Five common reasons game marketing is misleading

No Man’s Sky is a unique case of videogame marketing controversy. What it promised was so nebulous—a huge procedural universe where who knows what you’ll find—that expectations had unlimited space to grow into. They could only plummet back to a craggy rock of a planet on release. We just didn’t know how hard the landing would be.

But some of what had No Man’s Sky under fire from players was predictable videogame marketing backlash. After years of covering videogames, I’ve seen game after game fail to align with its gorgeous E3 trailer and expertly composed screenshots. I’ve seen games that looked finished at one E3—such as Star Wars 1313—disappear from the next, never to be seen again. 

To some degree, this happens just because games change a lot during development, but in other cases, the games we see at E3 never even existed outside of that specific demo. How and when games are shown to the public varies between developers, publishers, and budgets, but for the biggest of them there are some common practices that repeatedly end with a 30-page forum thread comparing stills from two years ago with the game that released. Here are five reasons everything we see before a big game is released is suspect (and why we don't recommend preordering).

The vertical slice

‘Vertical slice’ is an industry buzzword that few marketers use publicly—and yet we see them all the time. The term can mean different things depending on the context, but when it comes to games, a vertical slice is a complete demo that showcases all the intended features. A hypothetical vertical slice for, say, Deus Ex: Human Revolution would be one complete level with stealth, combat, enemy AI, dialogue, and so on—a segment of the game that reflects the final product, but nothing beyond it. 

Ron Gilbert called vertical slices “one of the dumbest things the game industry has ever come up with.” Critics of building vertical slices too early point out that building a finished level as a starting point actually means building most of the game as a starting point. From a linear, ‘horizontal’ perspective, one level might be a small portion of the player’s experience, but all the elements of that one level—HUD design, art and animations, control systems, and so on—represent the bulk of development. To focus on a slice first, instead of iterating on a sketch of the full game in a more holistic approach, can lead to obvious problems. What if things that worked in that one demo level don’t work in all cases? What if the limitations of that level are pasted onto the rest of the game, homogenizing the whole thing? Shouldn't development be iterative? 
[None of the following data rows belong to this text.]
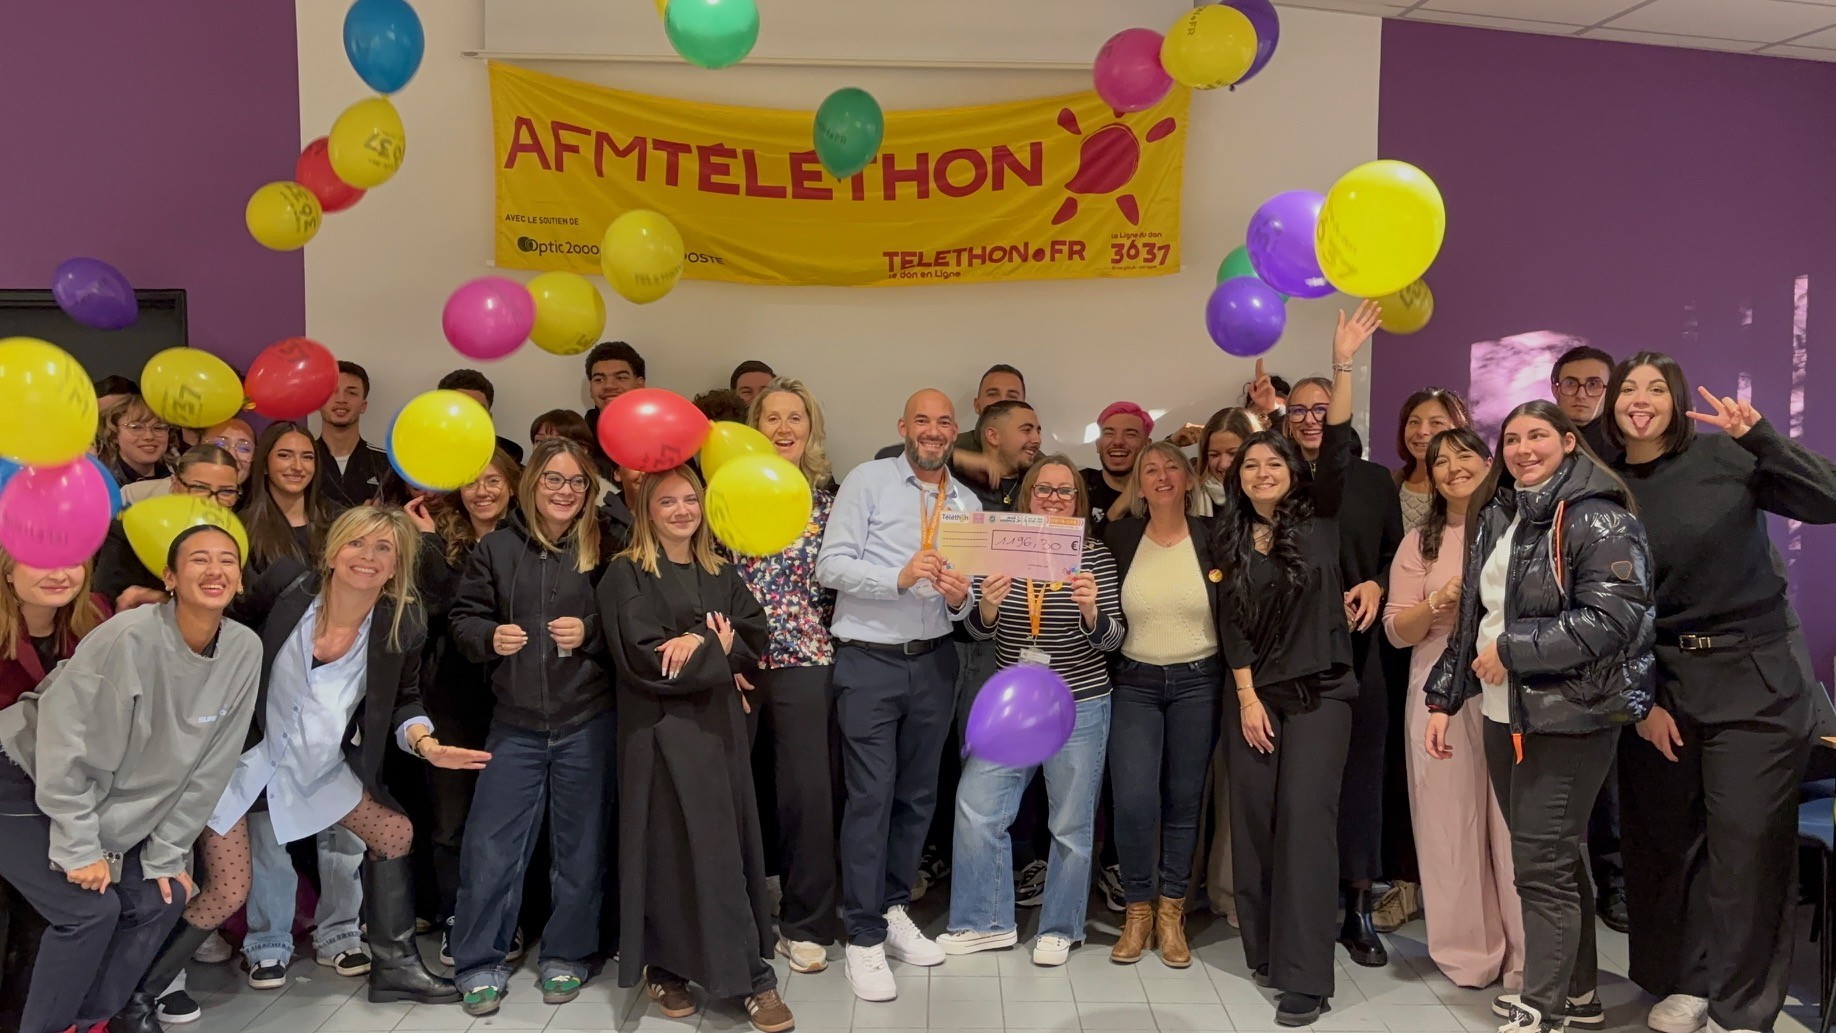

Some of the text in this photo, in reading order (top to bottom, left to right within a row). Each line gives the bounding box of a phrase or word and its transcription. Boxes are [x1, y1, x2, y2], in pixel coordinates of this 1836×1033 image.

[505, 213, 579, 226] AVEC LE SOUTIEN DE
[525, 238, 600, 256] Optic 2000
[1110, 239, 1171, 266] 3637
[899, 270, 918, 279] don
[920, 271, 933, 279] en
[1070, 540, 1079, 551] €
But showing a big, untextured prototype with a placeholder HUD to executives and investors isn’t necessarily the best way to convince them it’s a winner—and the same goes for the public. A vertical slice is the first completely realized piece of a game, so it’s what screenshots, trailers, and press demos are based on. We see the effects of this all the time at PC Gamer: We’ll do an interview with one creative director or another, and they’ll talk about all sorts of exciting ideas, but the only screenshots the publisher will provide are from one level that has nothing to do with those ideas. Because that’s the only part of the game ready to be seen.

It’s unlikely that this one slice is going to stay perfectly static, with the rest of the game built around it to conform. If the vertical slice was created early in development, there’s going to be iteration and discarded ideas and new ideas as the whole picture is painted. The vertical slice itself may even be painted over.

When BioShock Infinite was shown in 2011, it hardly represented the complete BioShock Infinite we played. After that slice was built for E3 and shown, the characters changed, the powers changed, the HUD changed, the story changed, and entire scenes were cut. Ken Levine and the team at Irrational learned and discovered new things about Infinite as they went—as I think we’d want them to. But it means they crunched out something that didn’t look quite like the game they’d ultimately make.

Bungie’s Halo 2 demo at E3 2003 is another prime example. By Bungie’s own proud admission, “buckets of blood and sweat (and probably a few tears) were poured into making this demo something spectacular.” I’m not sure any developer today would openly admit that it made employees sleep in the office for days to build an E3 demo that isn’t representative of the final game—but that’s what happened, and it still happens.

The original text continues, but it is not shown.